The analysis done for this example does not include all factors. Design of a circuit with an accumulator requires knowledge of the pressure vs. volume curve as the accumulator is being filled.
A pilot-operated relief valve can be used to unload the pump at low pressure during periods between work cycles. The schematic in Fig. 3.10 shows a solenoid-actuated directional control valve connected to the remote pilot port on the side of the valve. In the position shown, the port is connected to the reservoir. The pilot spring cavity is vented, and the main relief valve opens at the main spring setting. In the shifted position, the directional control valve blocks the port, and the pilot-operated valve operates as previously described. Repeating the description, when the control valve is shifted to the left (port blocked), the integral pilot relief valve is operational, and the main relief valve acts like a pilot-operated relief valve. In the unactuated position, the port is connected to the reservoir, and the main valve is held closed by the 75 psi spring only. When pressure increases above 75 psi, the valve opens, thus the pump builds only 75 psi pressure during the periods between work cycles.

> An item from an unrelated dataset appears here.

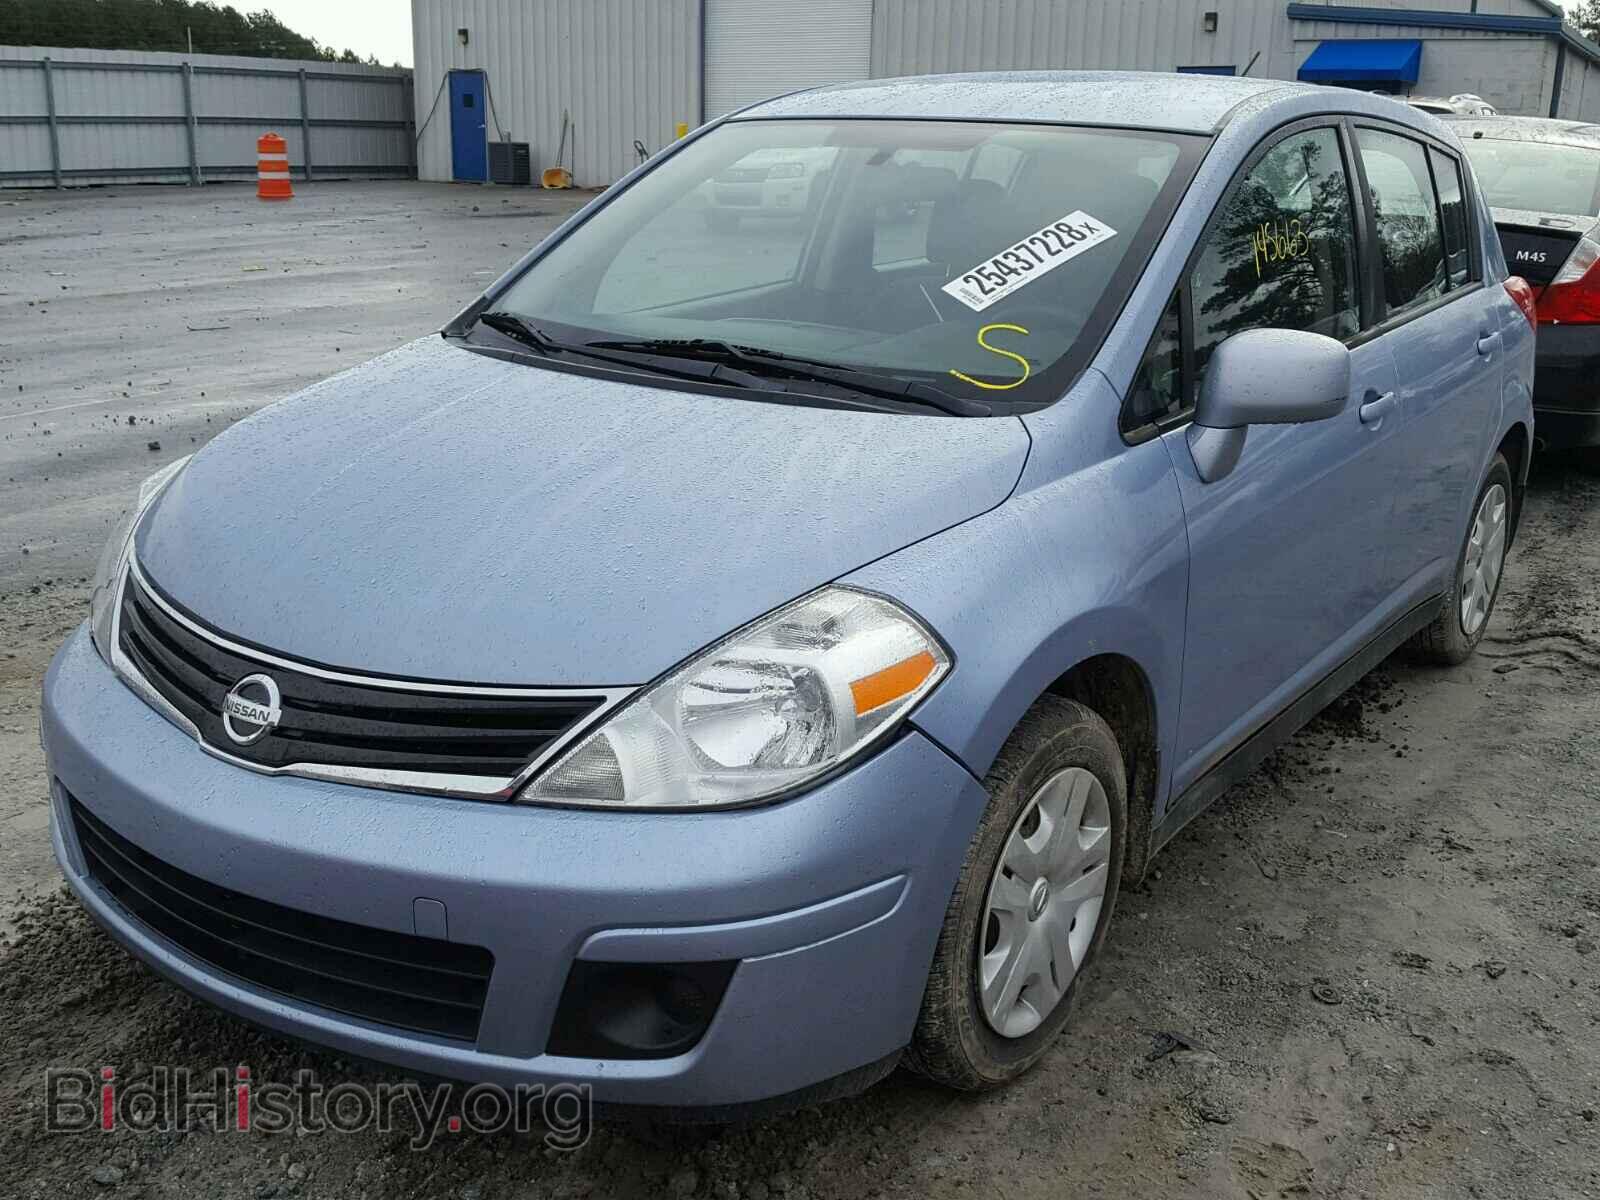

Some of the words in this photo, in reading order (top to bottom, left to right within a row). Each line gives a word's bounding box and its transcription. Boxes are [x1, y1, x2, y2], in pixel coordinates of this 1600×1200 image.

A diagram of a circuit that uses a pilot-operated relief valve to unload the pump at low pressure is shown in Fig. 3.11. The relief valve symbol designated with the letter “A” refers to the main spool of the pilot-operated relief valve. The orifice in the skirt is orifice B, and the symbol designated with letter “C” is a symbol that shows that the valve is held closed with spring pressure and a pilot pressure. The relief valve symbol designated with a letter “D” refers to the pilot stage of the valve (dart held in place with the pilot spring). The circuit operates in the following manner. When the four-way, three-position directional control valve is shifted to extend (or retract) the cylinder, the three-way, two-position directional control valve is simultaneously shifted. The pilot-operated relief valve is thus set to open at the pilot spring setting plus the main spring setting, 1925 + 75 = 2000 psi. When the three-position directional control valve shifts back to the center position, the two-position directional control valve shifts to connect the pilot pressure line to the reservoir. The main relief valve now opens at 75 psi.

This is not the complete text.